El presidente Joe Biden se mostró confiado de que los demócratas puedan unirse para respaldar sus ambiciosos planes de reforma, estancados en el Congreso, al que concurrió para impulsar sus proyectos para los que no puso plazo.
“Se los digo: lo lograremos”, declaró a periodistas luego de reunirse a puertas cerradas con legisladores de su partido en el Capitolio.
“No importa cuándo, no importa si es en seis minutos, seis días o seis meses”, añadió.
La presidenta de la Cámara de Representantes, Nancy Pelosi, había prometido una votación esta semana sobre el plan de infraestructuras del mandatario. Pero con sus declaraciones, el presidente dio a los jefes demócratas la oportunidad de comprar un tiempo precioso para lograr los equilibrios necesarios.
Biden prometió “reconstruir mejor” Estados Unidos después de la pandemia y frente al cambio climático.
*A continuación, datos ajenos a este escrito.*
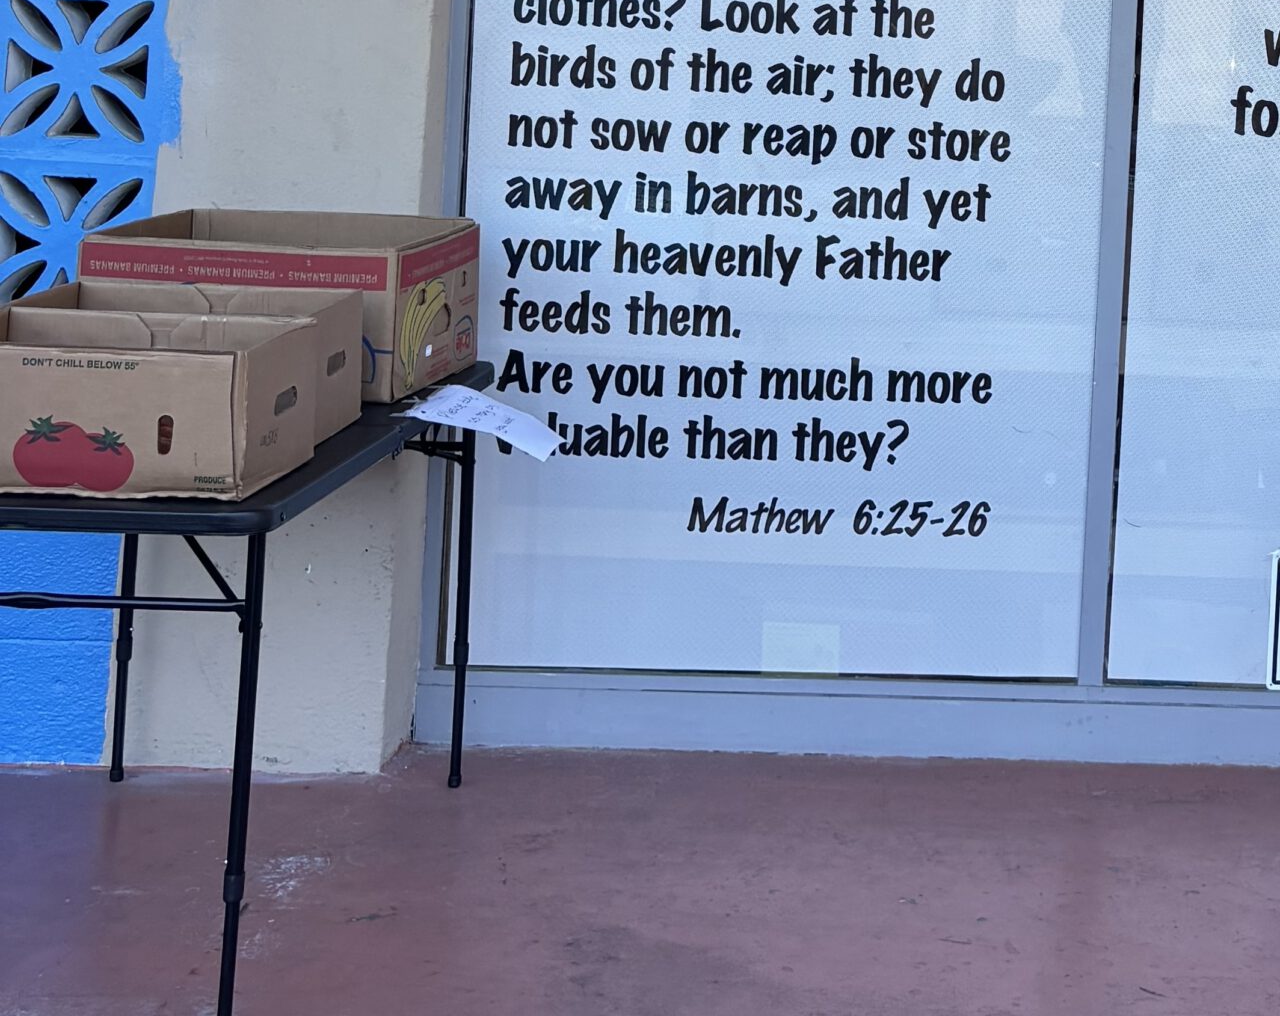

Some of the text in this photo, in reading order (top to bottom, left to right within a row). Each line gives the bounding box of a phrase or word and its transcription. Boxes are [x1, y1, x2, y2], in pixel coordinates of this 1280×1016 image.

[511, 41, 1005, 108] birds of the air; they do
[508, 110, 1011, 165] not sow or reap or store
[505, 171, 991, 229] away in barns, and yet
[502, 238, 601, 278] your
[614, 228, 802, 286] heavenly
[816, 235, 951, 282] Father
[500, 288, 610, 334] feeds
[625, 291, 741, 338] them.
[22, 357, 54, 367] DON'T
[55, 359, 84, 368] CHILL
[87, 360, 122, 370] BELOW
[496, 349, 573, 394] Are
[587, 364, 665, 404] you
[678, 360, 747, 399] not
[759, 357, 873, 401] much
[887, 370, 992, 404] more
[496, 412, 669, 458] luable
[683, 415, 777, 461] than
[792, 417, 909, 471] they?
[194, 476, 226, 485] PRODUCE
[687, 496, 991, 537] Mathew 6:25-26
Quiere renovar la infraestructura física y rearmar la red de apoyo social.
El exsenador, cuya popularidad ha disminuido desde la caótica retirada de Afganistán, y que está luchando por despertar el entusiasmo popular por sus reformas, debe tener éxito en varios frentes.
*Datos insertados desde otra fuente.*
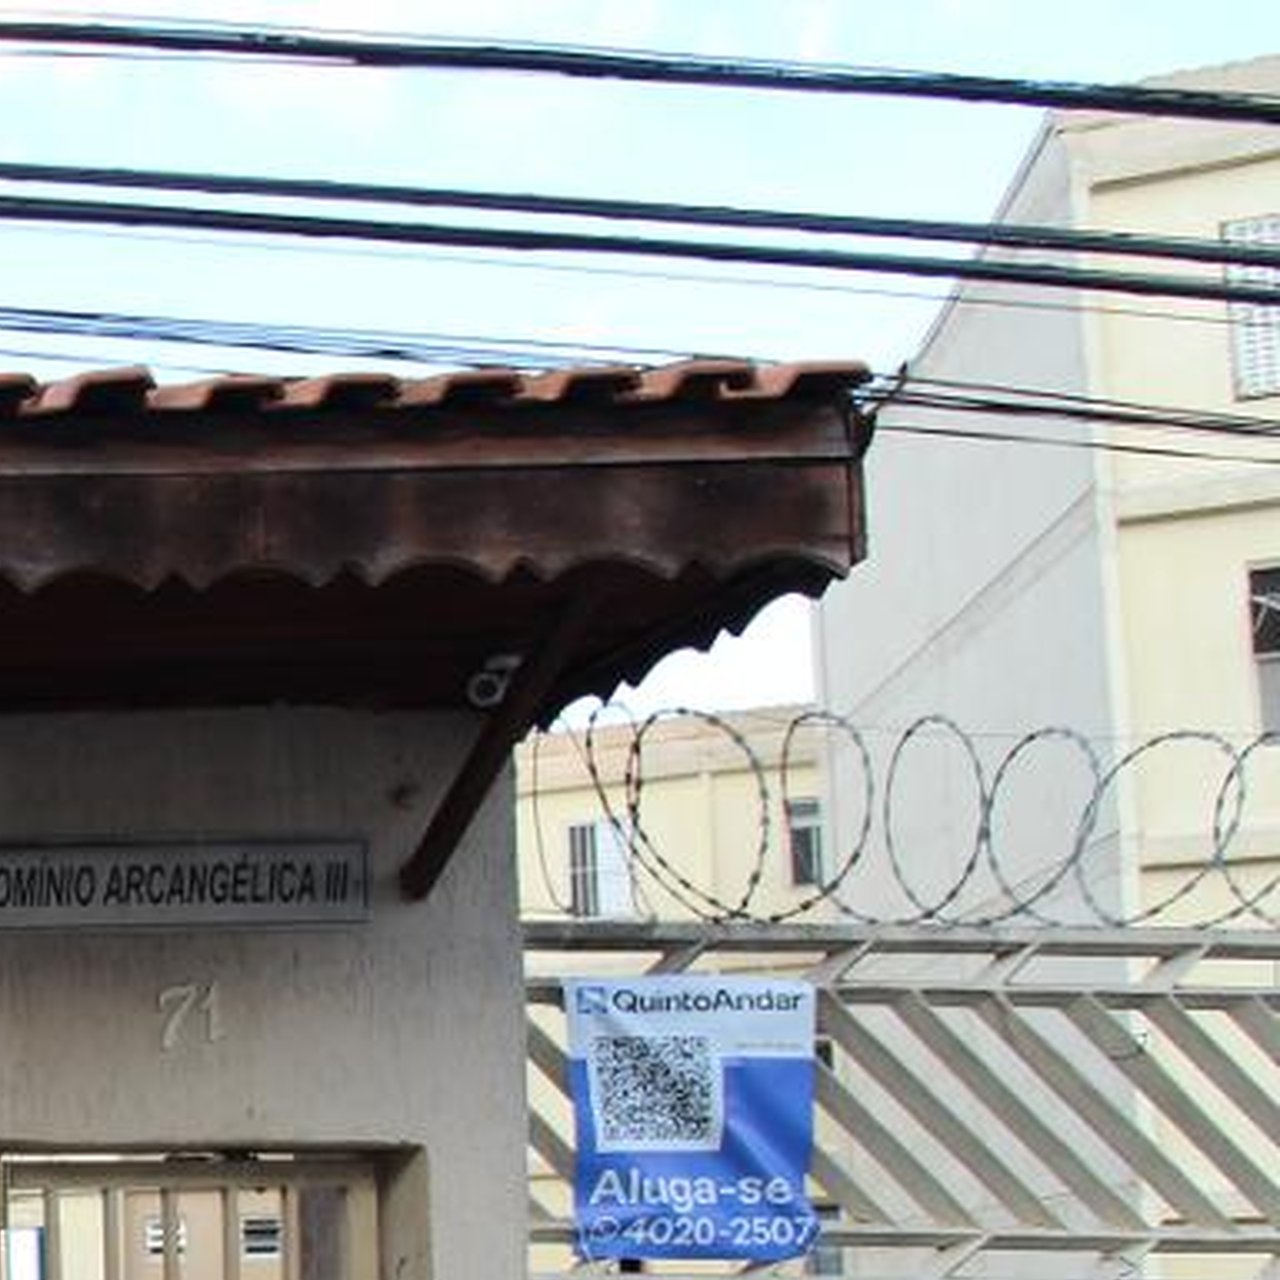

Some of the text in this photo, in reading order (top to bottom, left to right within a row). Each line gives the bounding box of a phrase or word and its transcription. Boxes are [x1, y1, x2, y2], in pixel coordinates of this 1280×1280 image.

[103, 856, 316, 905] ARCANGÉLICA
[325, 861, 349, 900] III
[157, 980, 225, 1052] 71
[612, 988, 802, 1014] QuintoAndar
[589, 1168, 793, 1213] Aluga-se
[624, 1217, 816, 1246] 4020-2507
Por un lado, hay fuertes inversiones en carreteras, puentes, redes eléctricas, bastante consensuadas, apoyadas por varios legisladores republicanos y, en principio, por los demócratas. Y por otro lado, hay un gigantesco programa de gasto social (educación, salud, cuidado infantil) y ambiental, del que los conservadores no quieren escuchar y que divide al campo demócrata.